# Networking Team Promotion, Old Rich



## Janet H (Sep 7, 2010)

I am pleased to report that Old Rich has accepted a position on the Management Team in the Networking Department. Old Rich has served as a moderator in the Hardware department and helped many in that capacity. While he will be missed by his mates in Hardware, is excited to tackle new challenges in Networking.

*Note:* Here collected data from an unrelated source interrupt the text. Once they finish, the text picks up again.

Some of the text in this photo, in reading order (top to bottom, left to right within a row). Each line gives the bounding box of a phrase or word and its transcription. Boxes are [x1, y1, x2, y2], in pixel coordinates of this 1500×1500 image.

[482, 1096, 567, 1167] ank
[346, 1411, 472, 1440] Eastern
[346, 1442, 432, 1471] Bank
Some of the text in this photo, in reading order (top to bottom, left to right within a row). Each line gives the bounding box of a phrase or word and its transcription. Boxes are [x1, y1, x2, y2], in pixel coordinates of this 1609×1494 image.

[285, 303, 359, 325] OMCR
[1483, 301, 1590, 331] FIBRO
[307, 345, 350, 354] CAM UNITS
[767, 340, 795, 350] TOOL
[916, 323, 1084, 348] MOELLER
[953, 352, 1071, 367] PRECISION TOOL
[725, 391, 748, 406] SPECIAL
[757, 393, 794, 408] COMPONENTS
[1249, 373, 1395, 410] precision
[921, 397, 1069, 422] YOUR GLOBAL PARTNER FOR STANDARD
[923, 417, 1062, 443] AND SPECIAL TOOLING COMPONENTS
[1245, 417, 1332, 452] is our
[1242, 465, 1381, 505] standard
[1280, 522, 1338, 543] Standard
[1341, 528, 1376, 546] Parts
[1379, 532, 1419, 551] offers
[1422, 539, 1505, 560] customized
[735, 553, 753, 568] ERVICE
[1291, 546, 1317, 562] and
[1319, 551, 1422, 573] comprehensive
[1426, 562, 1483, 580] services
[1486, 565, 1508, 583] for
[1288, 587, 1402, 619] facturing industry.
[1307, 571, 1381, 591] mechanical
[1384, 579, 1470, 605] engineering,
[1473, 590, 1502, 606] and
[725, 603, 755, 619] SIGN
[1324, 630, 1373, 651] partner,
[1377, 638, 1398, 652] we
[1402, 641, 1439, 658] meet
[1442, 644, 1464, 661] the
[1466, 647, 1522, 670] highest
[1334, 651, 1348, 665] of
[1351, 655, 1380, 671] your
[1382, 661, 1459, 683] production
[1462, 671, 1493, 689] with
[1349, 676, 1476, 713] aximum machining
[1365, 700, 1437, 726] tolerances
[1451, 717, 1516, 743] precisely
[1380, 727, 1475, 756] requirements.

Please join me in congratulating him on this well deserved opportunity.

:wave:


----------



## Amd_Man (Jan 27, 2009)

Congratulations Old Rich! You will be missed in Hardware though.


----------



## Basementgeek (Feb 7, 2005)

Congrats Rich.

BG


----------



## Wrench97 (May 10, 2008)

Congrats Rich well deserved











I guess the duck paid off


----------



## oscer1 (Jan 27, 2010)

Congratulations!!


----------



## Old Rich (May 31, 2007)

Thanks guys . . Hardware will not get rid of me that easily . . I'll still be posting there!!

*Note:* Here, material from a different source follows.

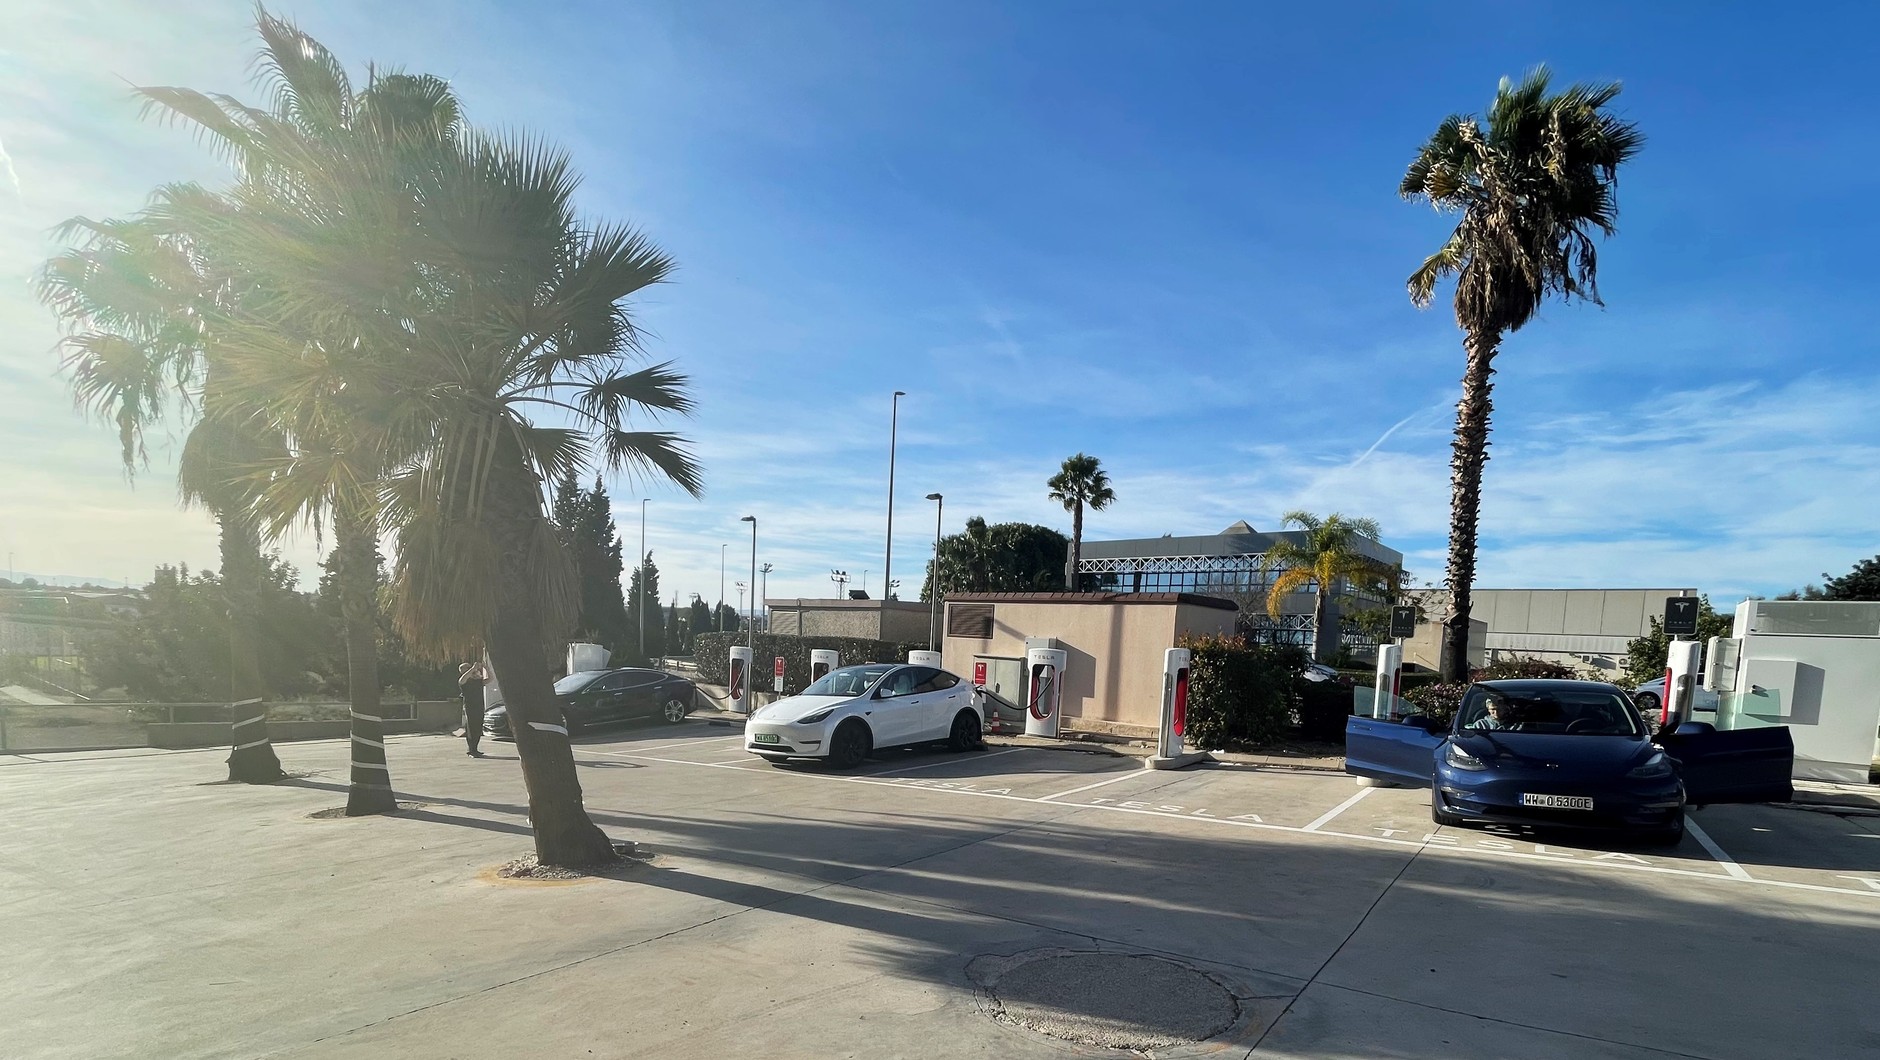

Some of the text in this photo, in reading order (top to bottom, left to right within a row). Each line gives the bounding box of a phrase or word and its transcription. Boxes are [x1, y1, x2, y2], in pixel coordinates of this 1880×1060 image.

[890, 777, 1012, 795] TESLA
[1091, 797, 1264, 823] TESLA
[1556, 796, 1592, 809] 5300E
[1373, 827, 1652, 865] TESLA

( The duck is recovered and doing well . . )


----------



## Laxer (Dec 28, 2010)

This would explain why I didn't see your switch!

Congrats Rich!


----------



## 2xg (Aug 5, 2009)

Congratulations Rich!!!!
You'll have plenty of challenges ahead, be prepared and I have a very long To-Do List for you. :laugh:

Thanks a lot Janet!


Janet H said:


> I am pleased to report that Old Rich has accepted a position on the Management Team in the Networking Department. Old Rich has served as a moderator in the Hardware department and helped many in that capacity. While he will be missed by his mates in Hardware, is excited to tackle new challenges in Networking.
> 
> Please join me in congratulating him on this well deserved opportunity.
> 
> :wave:


----------



## GZ (Jan 31, 2010)

Congratulations Old Rich!!!!


----------



## Fred Garvin (Sep 4, 2010)

Congrats Rich! I just noticed you changed colors a little while ago (not that there's anything wrong with that!).


----------



## reventon (Oct 16, 2009)

Congratulations Rich!


----------



## hhnq04 (Mar 19, 2008)

Congrats Old Rich!


----------



## makinu1der2 (Jan 1, 2008)

Congratulations Rich!!


----------



## dai (Jul 2, 2004)

congratulations


----------



## Old Rich (May 31, 2007)

Thanks everyone . .


----------



## DT Roberts (Jun 22, 2009)

You look good in purple :laugh:

Congratulations!


----------



## -WOLF- (Jan 17, 2009)

Big congratulations!


----------



## Go The Power (Mar 5, 2007)

Congratulations Rich well done!


----------



## jcgriff2 (Sep 30, 2007)

Congratulations, Rich!!

A long overdue promotion and we will hopefully benefit from your many years of management experience.

John


----------



## Redeye3323 (Sep 20, 2009)

Nice going Rich


----------



## Old Rich (May 31, 2007)

Thanks . .


----------



## Jason09 (Jan 3, 2009)

Congrats Rich!:grin:


----------



## joeten (Dec 4, 2008)

Congrats


----------



## SABL (Jul 4, 2008)

Congratulations Rich......well deserved!!


----------



## Drew1369 (Jan 19, 2007)

congrats dude!!!


----------



## Old Rich (May 31, 2007)

Thanks guys . .


----------



## Ninjaboi (Dec 27, 2010)

I agree, purple is rather slimming .

Congrats Rich!


----------



## Old Rich (May 31, 2007)

I need sliming! ! !


----------



## TheCyberMan (Jun 25, 2011)

Congratulations Old Rich


----------



## GZ (Jan 31, 2010)

Old Rich said:


> I need sliming! ! !


----------



## JohnthePilot (Mar 30, 2006)

Congratulations.


----------



## Old Rich (May 31, 2007)

Thanks . .


----------